Interlude: Cold Calculations

Arkania. A world of ice, pale light, and cold machines designed, made, and run by even colder people. A place with a deep history of both light and dark, one the Jedi had had under protection for hundreds of generations. Or, more accurately, under guard against the influence of the dark side. Not that it did us any good in the end, the slim, dark-skinned, feather-topped figure thought and shivered. Twenty years before a civil war between the totalitarian yet legitimate government and a movement of freedom-loving but horribly unethical scientists had broken out, with atrocities from both sides forcing the Jedi to intervene and enforce an end to the hostilities that had satisfied no-one. Two decades later, a Master of the Council stood once more upon Arkanian permafrost to address a problem... one she wished she didn't have to. If anything, because the polar temperatures and harsh light from the pale star overhead were so inimical to her species that she'd had to wear several layers of protective clothing just to be able to function.

Perhaps the Council should have sent someone else... but who? Yoda was the Grand-master, a dedicated trainer of younglings, and the Watchman of Coruscant itself. Yaddle was preparing for that peacekeeping mission on Mawan. Mace and Depa Billaba were still developing that promising new style of theirs. Jocasta Nu was the caretaker of the Archive. Most of the others were too new in their position, still trying to catch up with all the work accumulating after their predecessors' deaths. Ultimately, neither the climate nor the necessity of this mission truly annoyed her.

"Hey honey, I got an extra thermal blanket if you need it," shouted her companion, and bane of her existence.

"Shut up and keep your eyes on the job, Knight Voss," she hissed back then banished her anger to the Force... for the hundredth and fifty-second time since landing.

"I be doing contact Psychometry, Adi," the short, burly young man with the chocolate skin and long black dreadlocks answered with a smirk. "Means I keep my hands on the job while me eyes roam... unless ye'd prefer the inverse? I'm game, if so."

"You're insufferable," she stated and kicked a piece of shattered permafrost to vent. The jagged white rock flew sixty feet into the air then dropped... and dropped... and dropped. Several seconds later, Adi Gallia's sensitive hearing caught the faint sound of it hitting bottom nearly a thousand meters deeper into the ravine dominating her view. No, not a ravine; it was more a jagged hole in the ground two kilometers wide and half as deep. Not a crater either; too steep and uneven for any explosion or impact event. And the worst of it? It shouldn't have been there at all. "Has your little 'magic touch' at least discovered anything?" The sarcasm was so thick in her voice it'd be hard to cut with a lightsaber.

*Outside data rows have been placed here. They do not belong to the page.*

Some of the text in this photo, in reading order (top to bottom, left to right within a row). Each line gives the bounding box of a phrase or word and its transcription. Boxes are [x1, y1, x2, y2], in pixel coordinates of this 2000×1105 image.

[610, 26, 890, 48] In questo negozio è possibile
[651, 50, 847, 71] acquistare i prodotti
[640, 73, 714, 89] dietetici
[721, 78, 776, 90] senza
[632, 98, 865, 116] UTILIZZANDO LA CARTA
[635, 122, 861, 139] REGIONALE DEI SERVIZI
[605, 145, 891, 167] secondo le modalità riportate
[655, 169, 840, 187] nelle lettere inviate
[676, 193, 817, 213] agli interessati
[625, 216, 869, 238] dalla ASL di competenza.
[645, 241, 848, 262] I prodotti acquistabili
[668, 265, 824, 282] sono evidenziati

Of all the Jedi in the Order, Quinlan Voss was considered the craziest... but after spending only a day with him she had formed a different opinion. He was sane - the most irreverent, arbitrarily contrary, unorthodox sane Jedi she'd ever met. That he kept propositioning her - while insisting one night stands were not against the Jedi Code - only made it worse.

"You're not going to like it," Voss said as he stopped patting the icy ground with his bare hands, somehow having avoided severe frostbite after several hours of doing so.

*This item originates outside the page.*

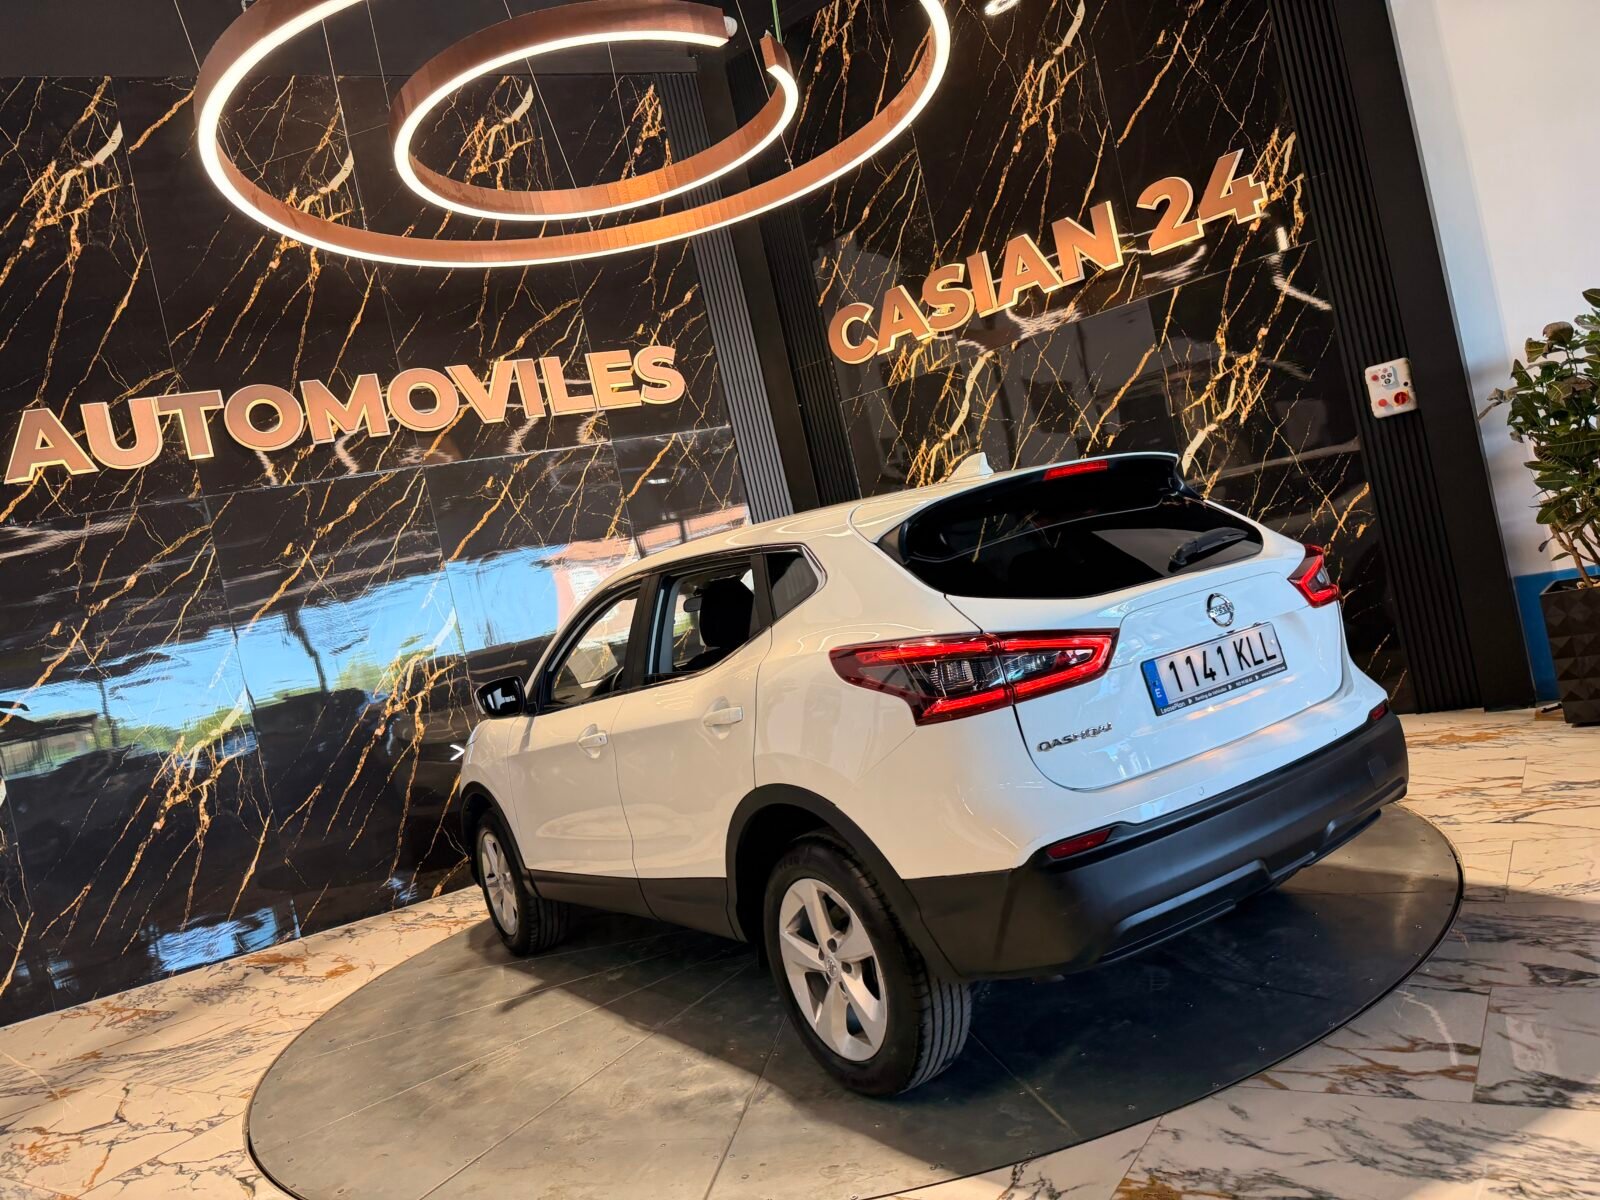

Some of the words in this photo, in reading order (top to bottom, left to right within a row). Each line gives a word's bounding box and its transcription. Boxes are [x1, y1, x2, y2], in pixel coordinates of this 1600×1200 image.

"The Jedi Master and Watchman of Arkania vanished right after reporting suspicious activity in an old Sith site. We come to investigate ourselves and find the entire site gone." She rolled her eyes. "This is well past my not liking it."

"Until now it wasn't past my not liking it so it didn't count," Voss replied, shaking his head. "But this is way too much excitement even for me. The Sith Library was not destroyed. Nor was it mined in the day it took us to get here. The visions show it being ripped off the ground - literally."

"What?"

"Yeah, that was my reaction, too. Buildings the size of hills ripped off the ground along with their foundations, their presence in the Force gone along with them." He frowned. "I don't suppose them secret Archives only you Council guys and gals can get to mention anyone that strong in the Force?"

"No... no they do not," she said with a whisper. Not anyone that wasn't part of ancient legends in any case... legends thought greatly exaggerated by the majority of the Council.

"Oh well. I do hope the Temple Guard is up to par in their mastery of Tutaminis then," he said sagely, "or when the super-secret Lord of the Sith attacks we'll quickly find the Temple in orbit, closely followed by the Senate and other semi-important buildings." He gave her one of those silly grins of his, showing far too perfect white teeth. "In other news, I'm requesting permanent reassignment to Mos Eisley, Tatooine. Nothing ever happens over there, and they got great bars."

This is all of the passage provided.